Ritsu sighed, keeping his arms loosely wrapped around Shou’s waist, leaning close and into his space. Shou would have it no other way.
“You’re an idiot, Shou.”
“You saved me, so who’s the real idiot,” Shou huffed, shuffling down the bed and opening his arms for Ritsu to join him.
“Don’t joke like that, Shou,” Ritsu frowned, crawling onto the old hospital bed at Shou’s side and laying his arms lazily over his waist. “Please don’t say things like that. Not after you almost died at my feet,” Ritsu mumbled, voice cracking like it had before.
Shou buried his face in the crown of Ritsu’s head, laying an arm over his shoulder. “In your lap,” he corrected.
“Shou.”
“Sorry. Thank you,” Shou closed his eyes, letting the sudden onset of drowsiness consume him. “Have you been here all this time?” Shou questioned.

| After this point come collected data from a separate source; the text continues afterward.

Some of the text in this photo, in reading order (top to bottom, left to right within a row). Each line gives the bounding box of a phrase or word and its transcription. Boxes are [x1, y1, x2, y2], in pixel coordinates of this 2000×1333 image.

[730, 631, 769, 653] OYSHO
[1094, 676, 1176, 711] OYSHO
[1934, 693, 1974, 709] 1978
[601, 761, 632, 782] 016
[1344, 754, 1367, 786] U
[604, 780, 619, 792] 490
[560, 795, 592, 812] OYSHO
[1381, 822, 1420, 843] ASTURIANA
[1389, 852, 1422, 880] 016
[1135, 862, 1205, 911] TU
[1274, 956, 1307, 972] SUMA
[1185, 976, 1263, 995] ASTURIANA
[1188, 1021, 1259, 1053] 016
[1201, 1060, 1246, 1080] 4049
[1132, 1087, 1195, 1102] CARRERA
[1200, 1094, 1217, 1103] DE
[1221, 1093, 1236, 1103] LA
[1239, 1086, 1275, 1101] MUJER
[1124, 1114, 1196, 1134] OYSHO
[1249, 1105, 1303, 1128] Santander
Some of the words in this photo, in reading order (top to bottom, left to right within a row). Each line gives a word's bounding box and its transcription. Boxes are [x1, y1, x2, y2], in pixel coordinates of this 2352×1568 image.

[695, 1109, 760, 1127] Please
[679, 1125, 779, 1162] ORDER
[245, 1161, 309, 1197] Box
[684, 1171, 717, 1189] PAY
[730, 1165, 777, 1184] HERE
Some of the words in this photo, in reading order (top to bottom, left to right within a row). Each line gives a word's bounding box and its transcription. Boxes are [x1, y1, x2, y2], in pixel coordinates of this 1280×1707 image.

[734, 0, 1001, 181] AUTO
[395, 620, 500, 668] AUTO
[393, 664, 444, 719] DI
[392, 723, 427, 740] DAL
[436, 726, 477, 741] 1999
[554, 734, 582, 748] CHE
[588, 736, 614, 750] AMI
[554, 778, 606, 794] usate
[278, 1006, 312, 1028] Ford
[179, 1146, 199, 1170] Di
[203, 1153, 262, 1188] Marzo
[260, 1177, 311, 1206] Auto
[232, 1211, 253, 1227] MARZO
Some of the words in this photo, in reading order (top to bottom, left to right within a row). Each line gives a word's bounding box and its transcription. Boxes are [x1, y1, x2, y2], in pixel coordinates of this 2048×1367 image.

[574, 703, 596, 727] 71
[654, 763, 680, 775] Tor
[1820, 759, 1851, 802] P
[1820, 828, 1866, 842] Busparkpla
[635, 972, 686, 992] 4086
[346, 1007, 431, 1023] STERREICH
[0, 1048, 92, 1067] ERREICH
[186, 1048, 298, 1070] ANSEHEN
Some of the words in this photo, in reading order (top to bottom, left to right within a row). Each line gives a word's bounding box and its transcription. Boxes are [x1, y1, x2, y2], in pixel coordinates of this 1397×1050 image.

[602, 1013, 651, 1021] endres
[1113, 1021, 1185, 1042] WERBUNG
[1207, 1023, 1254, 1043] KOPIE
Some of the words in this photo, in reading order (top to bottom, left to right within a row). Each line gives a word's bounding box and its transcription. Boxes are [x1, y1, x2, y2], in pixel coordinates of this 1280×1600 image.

“I haven't left your side since I found you in that basement,” Ritsu admitted, “I wouldn’t let them take you from my side so i’ve been with you the whole time, yah.”
Shou smiled, feeling an overwhelming sense of love overtaking him. The heart monitor picked up speed by a barely noticeable fraction of a second. “How’d you get cleaned up? I remember bleeding all over you,” Shou hummed.
“Ah, you do remember what happened?” Ritsu tightened his hold on his friend’s waist.
“Yah… It’s a little foggy, but yah,” Shou nuzzled Ritsu’s hair again, fingers threading through the hairs at his nape. “Can we talk about it later?” His voice was quiet; Shou felt small.
Ritsu tangled their legs together, pressing their bodies flush together. “Yes. Of course, yes.” Ritsu hummed, rubbing slightly up and down Shou’s sides in a soothing motion. Shou curled in further.
“I rinsed off in the shower in the bathroom here,” Ritsu pointed to the door attached to Shou’s hospital room. Shou hummed in understanding.
“Are we stuck at the hip forever now?” Shou joked. As if we weren’t already, he thought.
“We’re trauma bonded now, you can’t get rid of me,” Ritsu teased.
Shou smiled, pressing his cheek to Ritsu’s head. “I beat you unconscious the first time we met, we’ve been trauma bonded.”
Ritsu laughed, “You’re forgiven.” He tucked his face to Shou’s chest. “Nap?”
“Yah… That sounds good. Now that I don’t have to worry about not waking up,” Shou huffed.
“Yah,” Ritsu’s voice was thick again with choked back tears. “I love you,” he barely whispered into the fabric of Shou’s shirt. The heart monitor picked up speed once more.
“I love you too,” Shou admitted, holding Ritsu tightly and Ritsu held him back. His angel—his savior, his everything, all his. They drifted off tangled together, practically fused together as one. A pair of binary stars that were finally wrapped up in one another again.
The heart monitor soothed into a steady beep. Beep. Beep.